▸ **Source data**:

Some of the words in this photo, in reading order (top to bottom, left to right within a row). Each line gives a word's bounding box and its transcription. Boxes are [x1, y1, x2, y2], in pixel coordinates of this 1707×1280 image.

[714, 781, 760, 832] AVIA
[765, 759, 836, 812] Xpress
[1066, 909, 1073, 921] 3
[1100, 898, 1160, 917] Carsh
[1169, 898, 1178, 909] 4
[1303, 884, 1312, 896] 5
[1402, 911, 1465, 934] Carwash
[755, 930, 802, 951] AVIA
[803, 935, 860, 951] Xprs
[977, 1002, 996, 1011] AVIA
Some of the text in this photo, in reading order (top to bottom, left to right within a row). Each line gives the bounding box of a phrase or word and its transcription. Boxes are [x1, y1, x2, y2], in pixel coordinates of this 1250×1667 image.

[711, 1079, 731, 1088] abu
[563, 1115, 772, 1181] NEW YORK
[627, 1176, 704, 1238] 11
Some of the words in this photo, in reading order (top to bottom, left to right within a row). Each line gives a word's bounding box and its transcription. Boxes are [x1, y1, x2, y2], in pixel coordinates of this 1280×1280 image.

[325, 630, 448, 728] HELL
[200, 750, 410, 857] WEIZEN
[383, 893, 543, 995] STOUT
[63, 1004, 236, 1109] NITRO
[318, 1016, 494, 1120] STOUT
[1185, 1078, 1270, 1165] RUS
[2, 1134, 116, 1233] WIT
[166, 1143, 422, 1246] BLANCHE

▸ **TASK BRIEF**:
Retype the data exactly.

▸ **ANSWER AREA**:
Some of the words in this photo, in reading order (top to bottom, left to right within a row). Each line gives a word's bounding box and its transcription. Boxes are [x1, y1, x2, y2], in pixel coordinates of this 1707×1280 image.

[714, 781, 760, 832] AVIA
[765, 759, 836, 812] Xpress
[1066, 909, 1073, 921] 3
[1100, 898, 1160, 917] Carsh
[1169, 898, 1178, 909] 4
[1303, 884, 1312, 896] 5
[1402, 911, 1465, 934] Carwash
[755, 930, 802, 951] AVIA
[803, 935, 860, 951] Xprs
[977, 1002, 996, 1011] AVIA
Some of the text in this photo, in reading order (top to bottom, left to right within a row). Each line gives the bounding box of a phrase or word and its transcription. Boxes are [x1, y1, x2, y2], in pixel coordinates of this 1250×1667 image.

[711, 1079, 731, 1088] abu
[563, 1115, 772, 1181] NEW YORK
[627, 1176, 704, 1238] 11
Some of the words in this photo, in reading order (top to bottom, left to right within a row). Each line gives a word's bounding box and its transcription. Boxes are [x1, y1, x2, y2], in pixel coordinates of this 1280×1280 image.

[325, 630, 448, 728] HELL
[200, 750, 410, 857] WEIZEN
[383, 893, 543, 995] STOUT
[63, 1004, 236, 1109] NITRO
[318, 1016, 494, 1120] STOUT
[1185, 1078, 1270, 1165] RUS
[2, 1134, 116, 1233] WIT
[166, 1143, 422, 1246] BLANCHE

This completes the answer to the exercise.